* _DIRECTIONS FOR THIS TASK_:
Every record must be repeated precisely as it stands.

┄┄┄┄┄┄

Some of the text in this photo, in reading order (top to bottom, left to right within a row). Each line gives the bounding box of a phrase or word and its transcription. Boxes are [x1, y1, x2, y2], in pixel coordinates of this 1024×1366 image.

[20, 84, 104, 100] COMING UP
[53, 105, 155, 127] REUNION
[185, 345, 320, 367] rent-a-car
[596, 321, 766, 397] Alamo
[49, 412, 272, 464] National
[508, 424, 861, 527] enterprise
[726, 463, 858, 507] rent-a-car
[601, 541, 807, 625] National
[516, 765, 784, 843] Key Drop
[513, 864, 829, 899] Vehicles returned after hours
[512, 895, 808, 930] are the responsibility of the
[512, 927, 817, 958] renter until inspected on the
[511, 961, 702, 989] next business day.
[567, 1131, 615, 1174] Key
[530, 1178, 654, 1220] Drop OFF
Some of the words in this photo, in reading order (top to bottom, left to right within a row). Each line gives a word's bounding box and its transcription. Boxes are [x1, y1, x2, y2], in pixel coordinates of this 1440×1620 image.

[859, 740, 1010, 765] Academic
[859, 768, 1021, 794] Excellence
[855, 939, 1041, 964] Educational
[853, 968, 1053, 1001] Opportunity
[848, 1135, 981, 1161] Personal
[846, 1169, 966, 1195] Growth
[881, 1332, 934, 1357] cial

┄┄┄┄┄┄

* _THE COMPLETED TASK_:
Some of the text in this photo, in reading order (top to bottom, left to right within a row). Each line gives the bounding box of a phrase or word and its transcription. Boxes are [x1, y1, x2, y2], in pixel coordinates of this 1024×1366 image.

[20, 84, 104, 100] COMING UP
[53, 105, 155, 127] REUNION
[185, 345, 320, 367] rent-a-car
[596, 321, 766, 397] Alamo
[49, 412, 272, 464] National
[508, 424, 861, 527] enterprise
[726, 463, 858, 507] rent-a-car
[601, 541, 807, 625] National
[516, 765, 784, 843] Key Drop
[513, 864, 829, 899] Vehicles returned after hours
[512, 895, 808, 930] are the responsibility of the
[512, 927, 817, 958] renter until inspected on the
[511, 961, 702, 989] next business day.
[567, 1131, 615, 1174] Key
[530, 1178, 654, 1220] Drop OFF
Some of the words in this photo, in reading order (top to bottom, left to right within a row). Each line gives a word's bounding box and its transcription. Boxes are [x1, y1, x2, y2], in pixel coordinates of this 1440×1620 image.

[859, 740, 1010, 765] Academic
[859, 768, 1021, 794] Excellence
[855, 939, 1041, 964] Educational
[853, 968, 1053, 1001] Opportunity
[848, 1135, 981, 1161] Personal
[846, 1169, 966, 1195] Growth
[881, 1332, 934, 1357] cial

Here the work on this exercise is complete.